** Records to use follows **

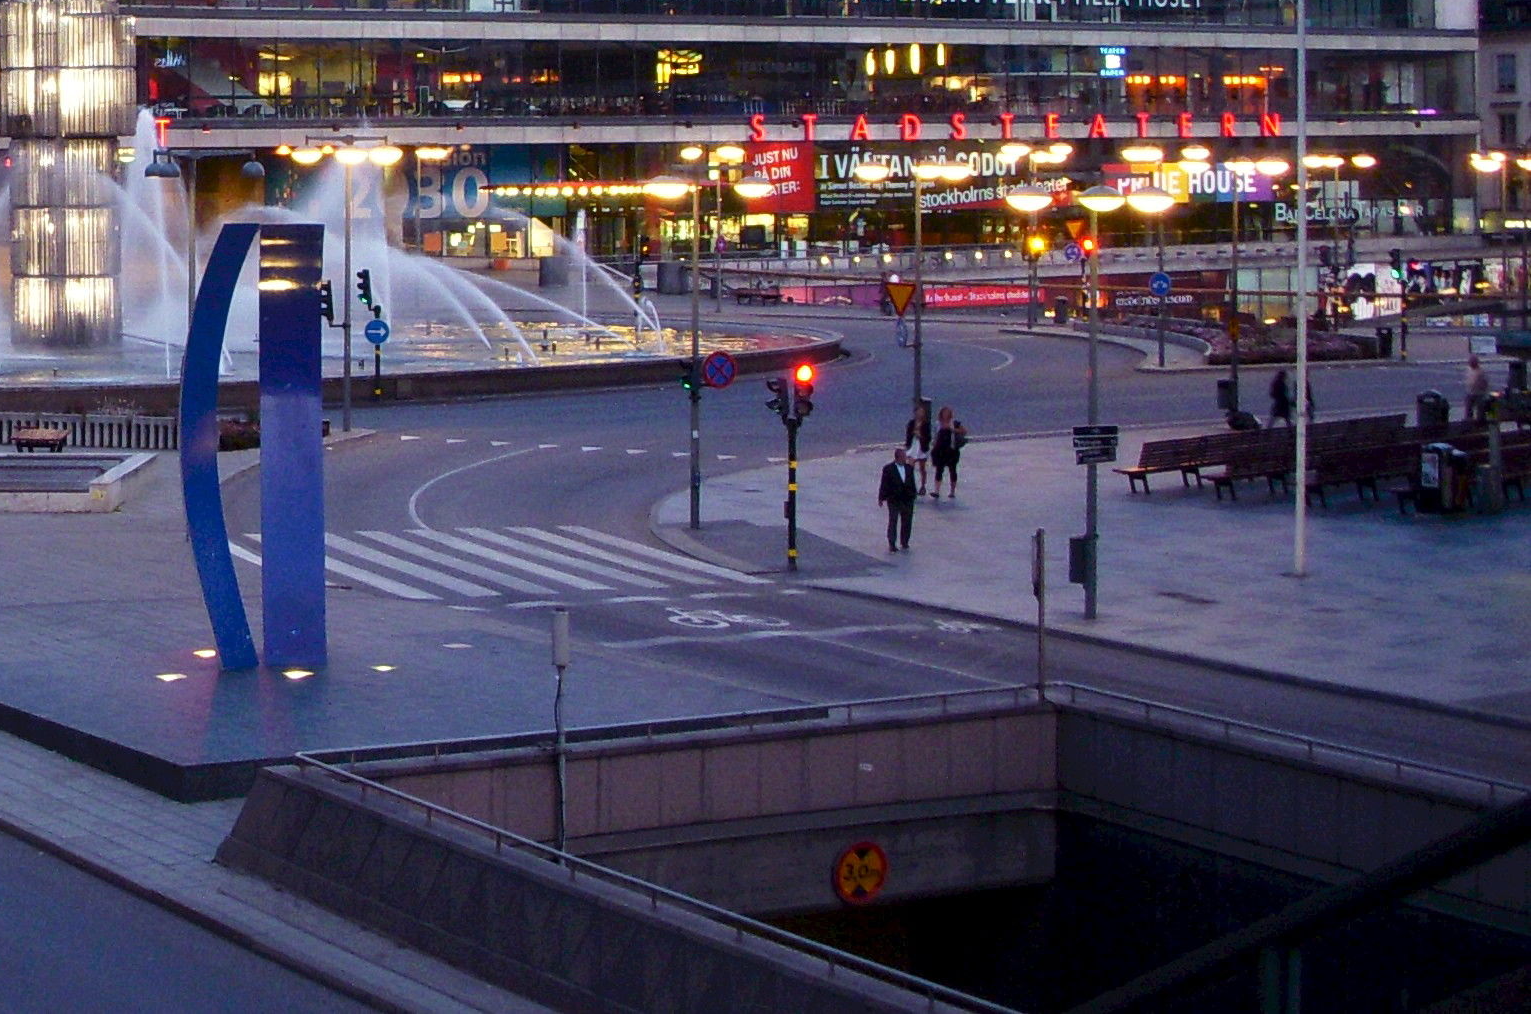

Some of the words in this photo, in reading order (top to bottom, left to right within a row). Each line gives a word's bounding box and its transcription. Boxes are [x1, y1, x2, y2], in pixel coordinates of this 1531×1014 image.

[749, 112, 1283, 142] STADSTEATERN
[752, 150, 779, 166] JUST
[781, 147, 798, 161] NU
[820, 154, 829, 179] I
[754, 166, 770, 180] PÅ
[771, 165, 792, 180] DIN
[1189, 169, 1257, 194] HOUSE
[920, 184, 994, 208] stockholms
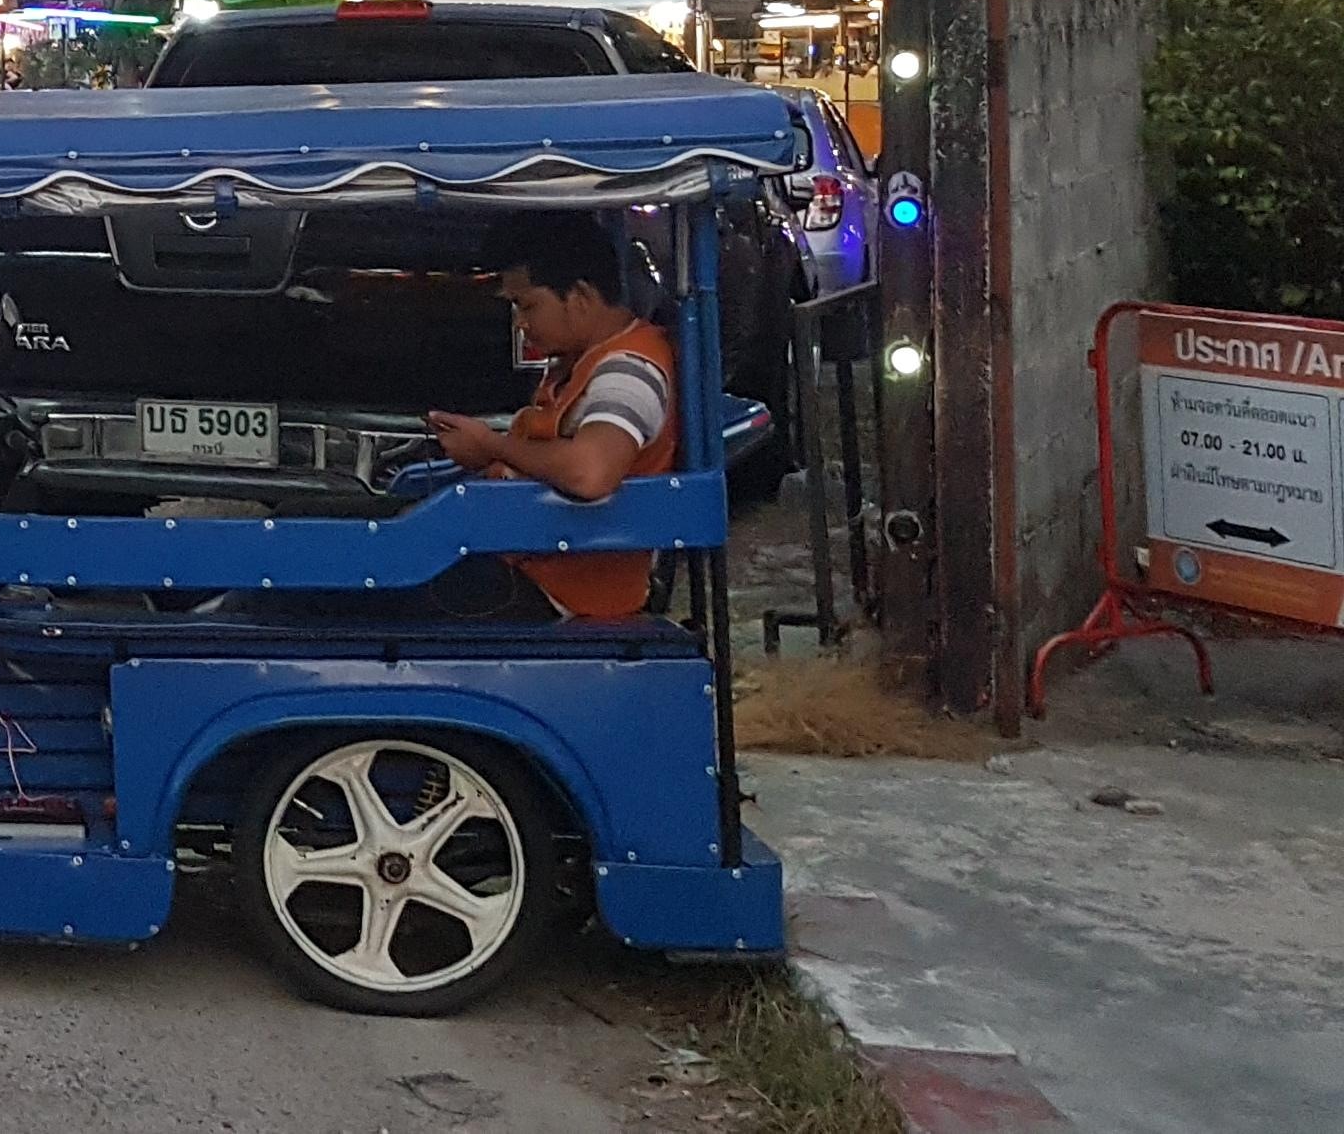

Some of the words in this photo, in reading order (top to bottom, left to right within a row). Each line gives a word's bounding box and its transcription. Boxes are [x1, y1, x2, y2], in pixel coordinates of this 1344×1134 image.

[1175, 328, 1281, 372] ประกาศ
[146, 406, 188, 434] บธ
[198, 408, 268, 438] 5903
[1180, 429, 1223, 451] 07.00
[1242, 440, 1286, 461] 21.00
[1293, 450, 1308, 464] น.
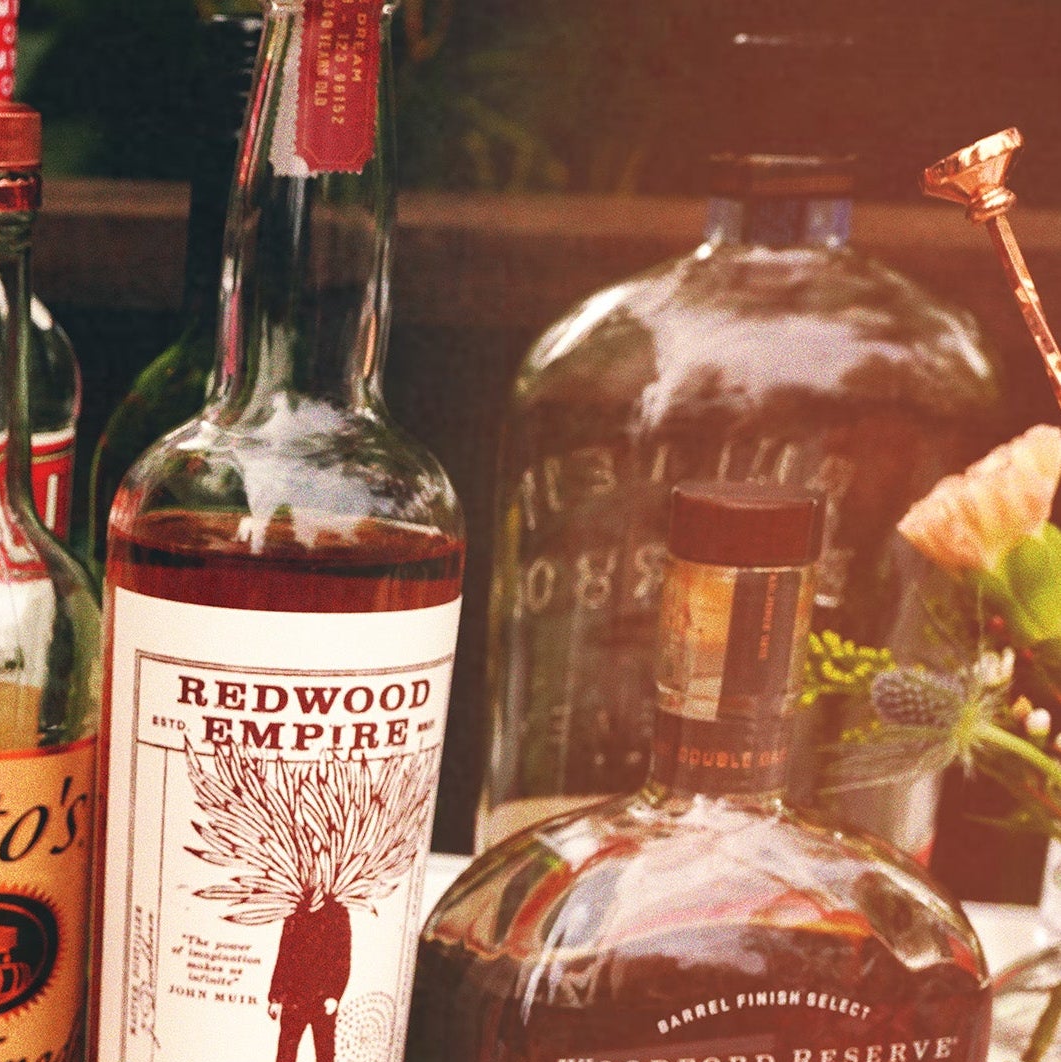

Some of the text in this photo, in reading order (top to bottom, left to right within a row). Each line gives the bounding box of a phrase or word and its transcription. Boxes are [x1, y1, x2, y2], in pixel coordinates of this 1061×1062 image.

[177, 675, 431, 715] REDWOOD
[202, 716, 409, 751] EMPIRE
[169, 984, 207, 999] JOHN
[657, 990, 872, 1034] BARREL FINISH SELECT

** End of Records to use **

■ **Instructions for the task**:
Leaving out all pictures, repeat word for word the lines from the one containing "this 1344×1134 image." through the final line of the material above.

■ **Answer space**:
Some of the words in this photo, in reading order (top to bottom, left to right within a row). Each line gives a word's bounding box and its transcription. Boxes are [x1, y1, x2, y2], in pixel coordinates of this 1344×1134 image.

[1175, 328, 1281, 372] ประกาศ
[146, 406, 188, 434] บธ
[198, 408, 268, 438] 5903
[1180, 429, 1223, 451] 07.00
[1242, 440, 1286, 461] 21.00
[1293, 450, 1308, 464] น.

Some of the text in this photo, in reading order (top to bottom, left to right within a row). Each line gives the bounding box of a phrase or word and its transcription. Boxes are [x1, y1, x2, y2], in pixel coordinates of this 1061×1062 image.

[177, 675, 431, 715] REDWOOD
[202, 716, 409, 751] EMPIRE
[169, 984, 207, 999] JOHN
[657, 990, 872, 1034] BARREL FINISH SELECT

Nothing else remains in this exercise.